Parish apprentices are those bound out by guardians of the poor in England. By the Poor Relief Act 1601, overseers of the poor were empowered, with the consent of two justices, to put out poor children as apprentices “where they shall be convenient.” Owing to the disinclination to receive such apprentices it became necessary to make the reception compulsory (1696), but this compulsion to receive them was abolished in 1844. Many statutes have been passed from time to time regulating the apprenticing of parish children, but it is now under the control of the Local Government Board, which issues rules specifying fully the manner in which such children are to be bound, assigned and maintained.
Authorities.—See E. Austin, Law Relating to Apprentices (1890); Addison, On Contracts (1905). For the state of apprenticeship in European countries, and, more particularly in France, see Apprentissage, enquête et documents (Paris, 1904, Conseil Supérieur du Travail, Ministère du Commerce, de l’Industrie, des Postes et des Télégraphes, session de 1902). See also the literature issued by the National Institution of Apprenticeship, London. (J. S. B.)
APPROPRIATION (from Lat. appropriare, to set aside), the act of setting apart and applying to a particular use to the exclusion of all other. In ecclesiastical law, appropriation is the perpetual annexation of an ecclesiastical benefice to the use of some spiritual corporation, either aggregate or sole. In the middle ages in England the custom grew up of the monasteries reserving to their own use the greater part of the tithes of their appropriated benefices, leaving only a small portion to their vicars in the parishes. On the dissolution of the monasteries these “great tithes” were often granted, with the monastic lands, to laymen, whose successors, known as “lay impropriators” or “lay rectors,” still hold them, the system being known as impropriation. Appropriation may be severed and the church become disappropriate, by the presentation of a clerk, properly instituted and inducted, or by the dissolution of the corporation possessing the benefice.
In the law of debtor and creditor, appropriation of payments is the application of a particular payment for the purpose of paying a particular debt. When a creditor has two debts due to him from the same debtor on distinct accounts, the general law as to the appropriation of payments made by the debtor is that the debtor is entitled to apply the payments to such account as he thinks fit; solvitur in modum solventis. In default of appropriation by the debtor the creditor is entitled to determine the application of the sums paid, and may appropriate them even to the discharge of debts barred by the Statute of Limitations. In default of appropriation by either debtor or creditor, the law implies an appropriation of the earlier payments to the earlier debts.

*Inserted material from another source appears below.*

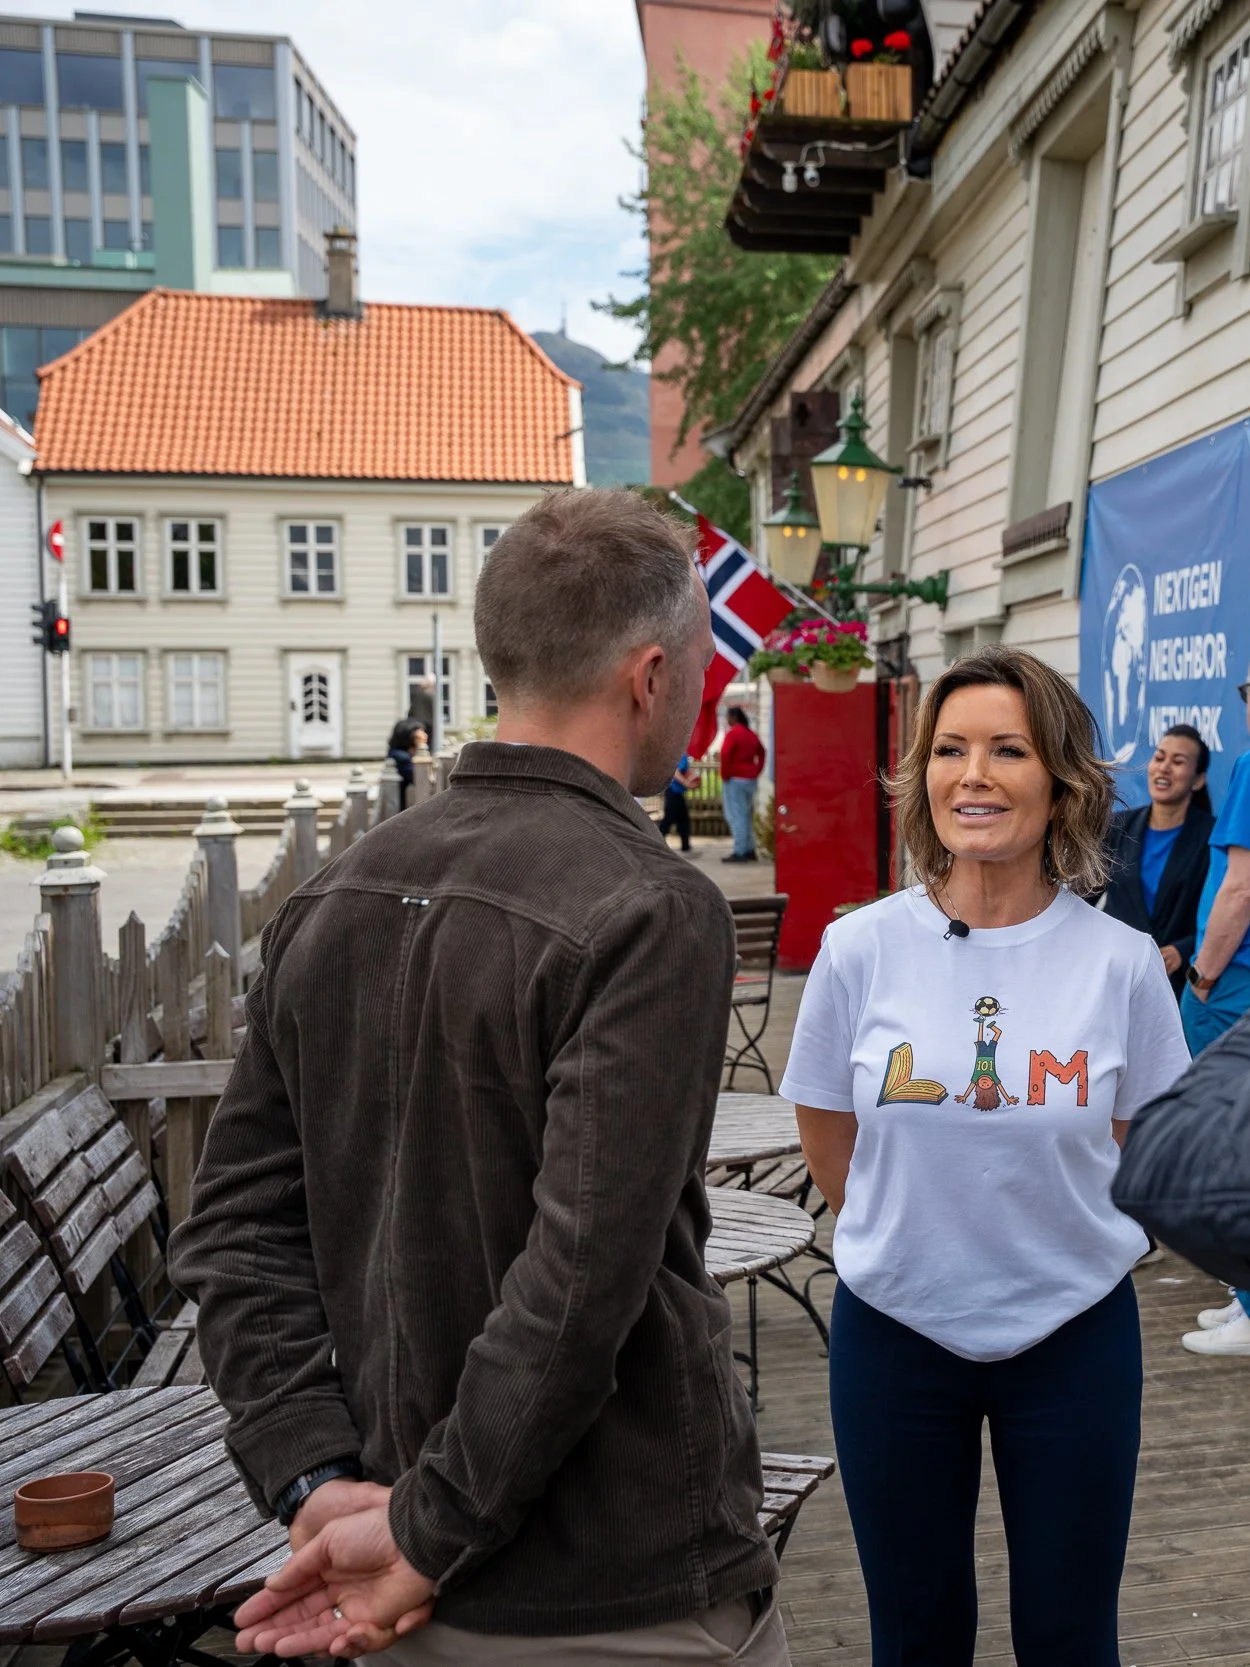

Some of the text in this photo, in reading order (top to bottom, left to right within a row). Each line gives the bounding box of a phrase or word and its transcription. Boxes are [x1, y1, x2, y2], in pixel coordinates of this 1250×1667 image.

In constitutional law, appropriation is the assignment of money for a special purpose. In the United Kingdom an Appropriation Bill is a bill passed at the end of each session of parliament, enumerating the money grants made during the session, and appropriating the various sums, as voted by committee of supply, to the various purposes for which it is to be applied. The United States constitution (art. I. § 9) says: “No money shall be drawn from the treasury, but in consequence of appropriations made by law.” Bills for appropriating money originate in the House of Representatives, but may be amended in the Senate.
APPURTENANCES (from late Lat. appertinentia, from appertinere, to appertain), a legal term for what belongs to and goes with something else, the accessories or things usually conjoined with the substantive matter in question.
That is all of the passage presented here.